AT&T has raised prices on wireline phone users in California, which has consumer advocates crying foul,. The rate hikes aren’t just being driven by greed on the part of Ma Bell, but by the more rapid disintegration of the wireline business, as customers abandon ship while providers are stuck maintaining a network for fewer customers who oftentimes pay less.
The solution to this is to get Americans off the old copper networks, a goal of providers and the Federal Communications Commission. But between now and 2018, when an advisory council to the FCC hopes to kill off wireline service, AT&T still has assets to sweat and employees to pay, which means the laggards keeping their landlines will see the cost of their phone service rise.
Beginning on March 1, AT&T is boosting the cost of basic phone service for Californians who buy a calling plan that allows a limited number of local calls for a flat fee by $3 a month to $15.37 a month. As David Lazarus, the consumer reporter at the LA Times notes, that’s almost a 25 percent increase. The charge for additional local calls will be 3 cents per minute. About 10 percent of California consumers have this type of plan.
Meanwhile, AT&T’s flat-rate charge for unlimited local calls will increase $1.05 to $21 a month. Lazarus points out that last year California deregulated the phone industry with proponents saying it would lead to lower prices, but there’s more to this than just a lax regulatory environment (although that doesn’t help). Lazarus discussed it with AT&T below:
Kasselman said fees for measured and flat-rate calling plans are going up because, well, because. “Goods and services go up,” he told me. “That’s how our economy works.” Glib as that may be, Kasselman does have a point. It obviously costs AT&T something to maintain and improve its network capabilities. Modest rate hikes more or less in line with the rate of inflation are understandable. As of November, the annual inflation rate was about 3.4%
But AT&T’s costs of supporting those landline subscribers is rising. The network in areas is decades-old. Keeping it running costs a lot in labour for what is a relatively modest product for AT&T, as I explained three years ago after AT&T workers spent hours at my house trying to make my $16 a month landline work without static. At the time I noted that it was costing wireline providers about $52 a year to support each landline, which had risen as the number of lines decreased. And as Craig Moffett, an analyst at Bernstein Research, notes in a presentation given Wednesday at a DC policy conference, that roughly 15 percent drop in access lines coincides with a 15-20 percent increase in costs of servicing lines for AT&T, while for Verizon a 15 percent drop in access line customers has led to a roughly 20-25 percent increase in costs of servicing wirelines.
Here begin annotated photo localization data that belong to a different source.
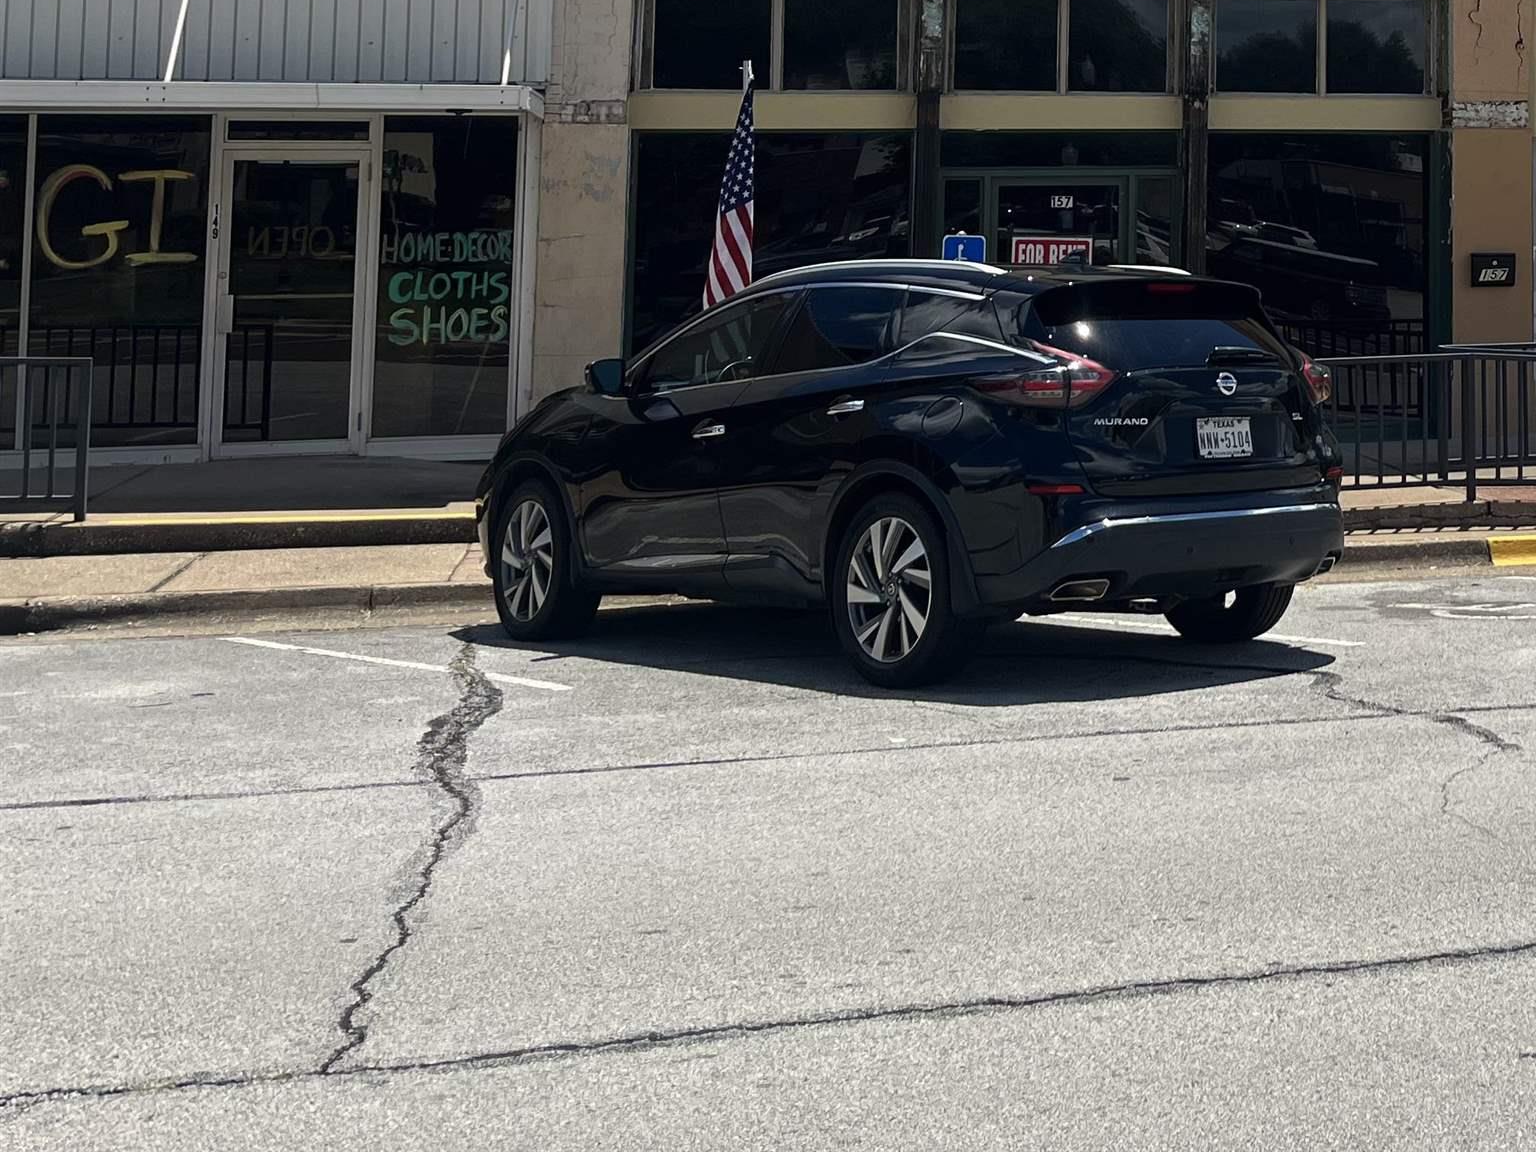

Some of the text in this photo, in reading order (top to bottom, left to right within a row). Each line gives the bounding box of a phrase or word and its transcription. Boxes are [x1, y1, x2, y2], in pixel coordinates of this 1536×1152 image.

[1051, 196, 1073, 208] 157
[381, 230, 513, 264] HOME DECOR
[1018, 243, 1086, 264] FOR RE
[1479, 268, 1509, 282] 157
[388, 271, 510, 304] CLOTHS
[389, 305, 509, 346] SHOES
[1094, 417, 1149, 425] MURANO
[1213, 419, 1235, 428] TEXAS
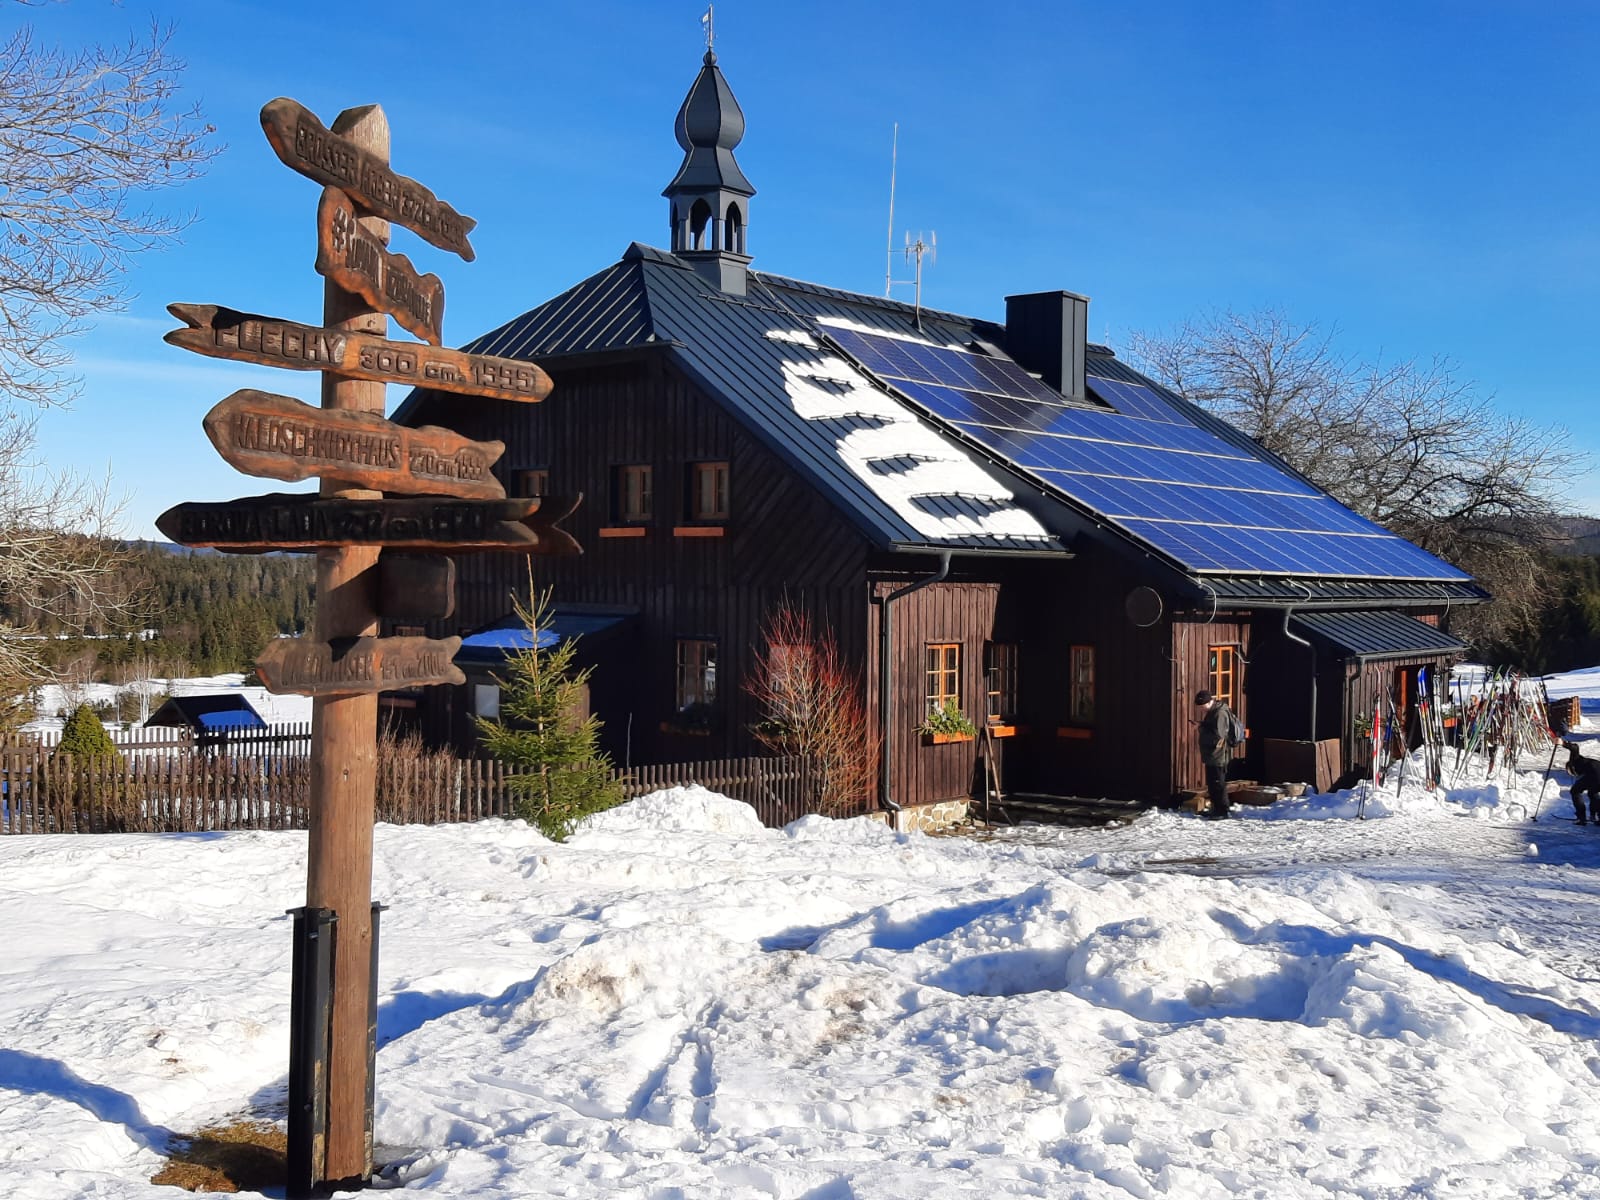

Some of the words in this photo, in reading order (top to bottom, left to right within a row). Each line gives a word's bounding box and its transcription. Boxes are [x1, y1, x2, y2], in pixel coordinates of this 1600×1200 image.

Below is his chart showing the decline in wireline margins for AT&T and Verizon. For a declining business, margins of 32 percent are sweet, and may reflect AT&T’s dogged commitment to raising prices, especially when compared to Verizon’s faster margin erosion as Verizon sells off more of its wireline business and focuses on FiOS and mobile services.
AT&T’s hikes in California follow price hikes in August for landline subscribers that don’t use long distance on their phones. Users face a $2 minimum usage fee now, which on my old landline bill resulted in the $2 fee and an additional $6 in taxes. As Lazarus points out in his column, part of the rationale for the price increase could be to push basic wireline rates closer to the cost of buying a package of services such as voice and Internet, which tends to have both generate more revenue per customer as well as reduce churn. But it’s also clearly AT&T’s response to keeping its wireline profits up even as the business costs it more to support.
The bottom line for consumers is that for many, wireline just isn’t worth it.